No response to my announcement., just the continuing approach. They were loud, and emitted a lot of heat. A strong aroma of cinnamon was carried by the wind.
Schmendrick took fifty damn years from my life by scrambling up my leg, along my back and perching on my shoulder.
“Jesus Schmendrick, you scared the crap outta me–” And the Radio translated it, of course, so the Conclave ships could understand.
Schmendrick was snarling, ears back. “Kill more monster,” she said. The Radio helpfully fed her threat to the Conclave ships. It didn’t stop them.
The vessels were close enough to land. I didn’t back away. Schmendrick stayed on my shoulder, a vicous pirate parrot, claws digging but not breaking the skin. We watched as ornate landing gear, three for each vessel, slowly unfurled from the undersides of the things with jets of steam.
“Last chance,” I said. The Radio translated, horribly, with gargling and spitting.
Schmendrick starting winding up one of her destruction word things; I could tell. That bonus content purple swirled around us, setting my hair to standing on end. Her fangs were out. She hissed and screamed in her language.
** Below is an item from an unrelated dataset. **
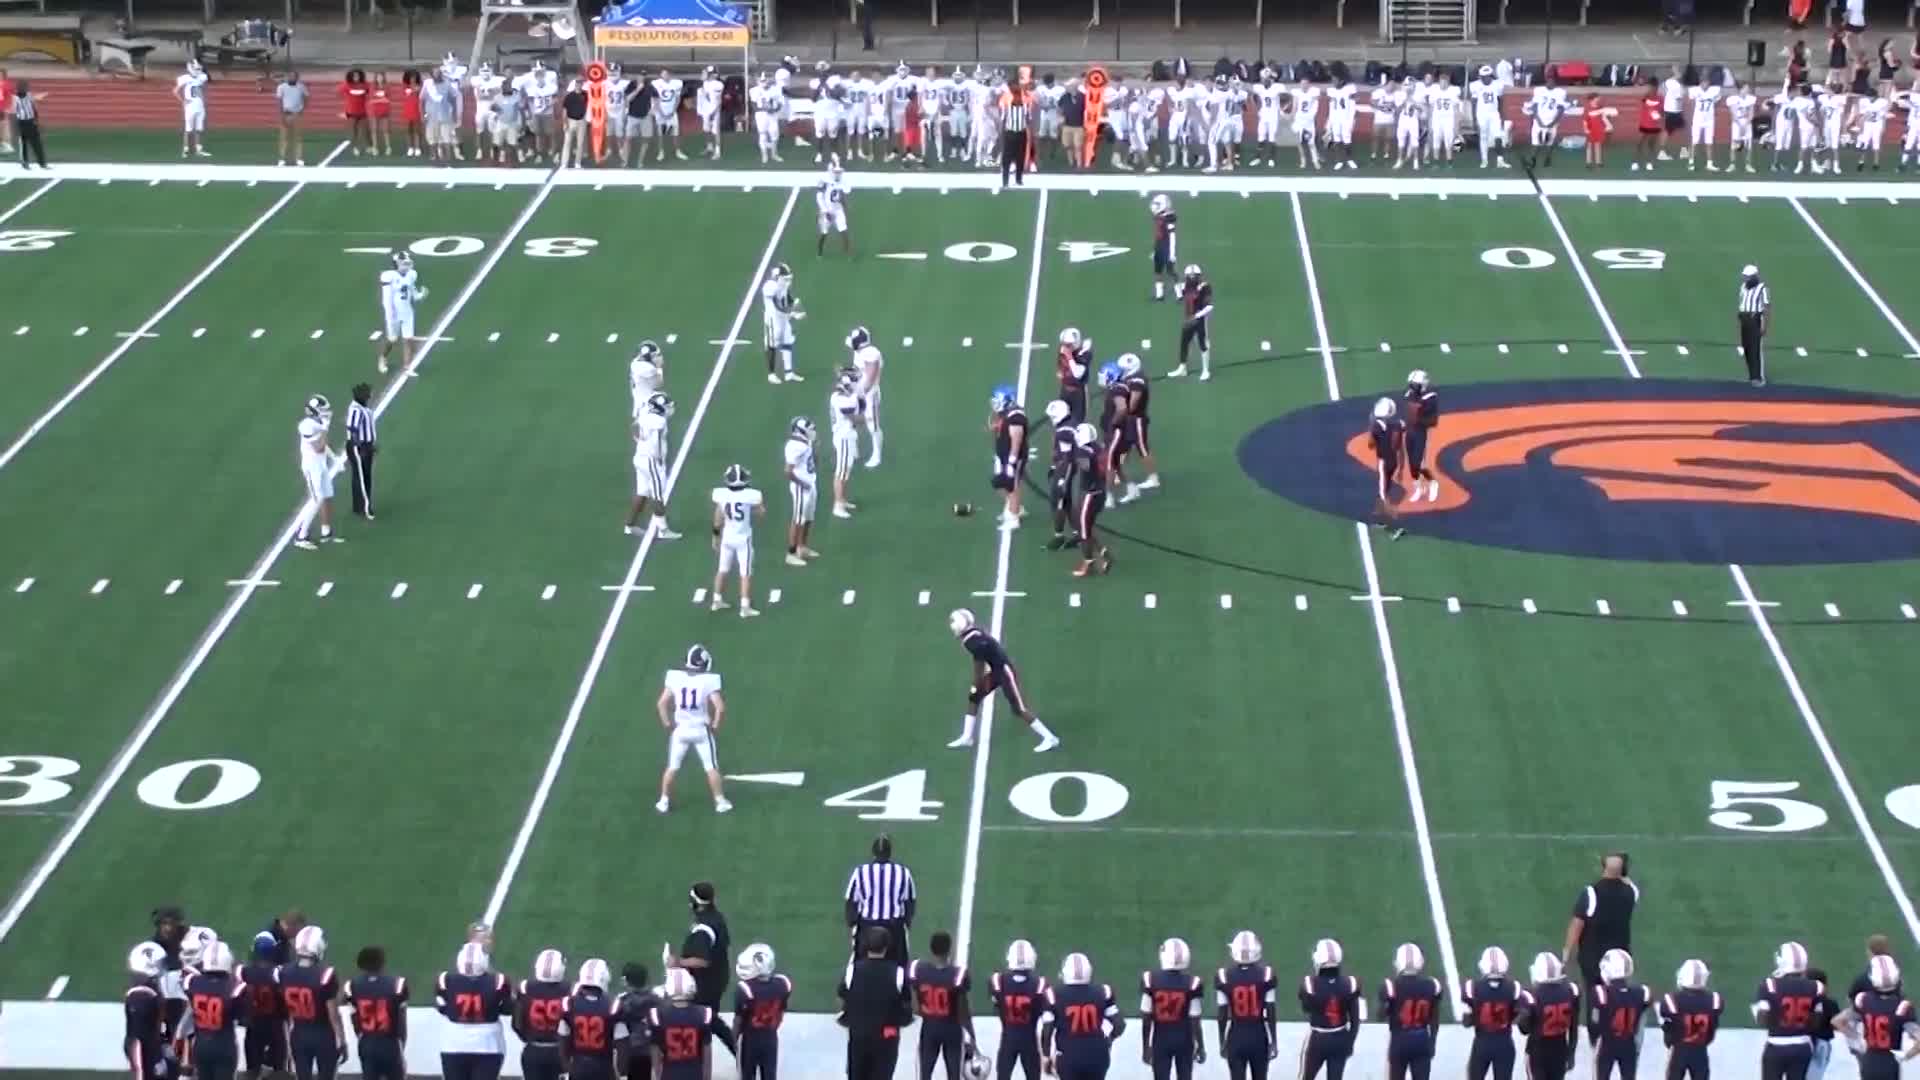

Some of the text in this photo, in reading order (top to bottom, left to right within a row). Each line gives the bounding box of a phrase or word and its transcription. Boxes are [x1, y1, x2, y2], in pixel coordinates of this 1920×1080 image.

Nothing happened. The invaders weren’t wreathed in explosive flame, as I’d seen with Schmendrick’s magic over by the wreck. Nothing. She looked confused. Ears up, fangs put away. She looked at me in doggy dinosaur dismay.
“Fill her in, Radio.”
“Security measures allowed no external cantrip, augur, enchantment or curse,” It said. “No magic aside from what the Steward permitted.”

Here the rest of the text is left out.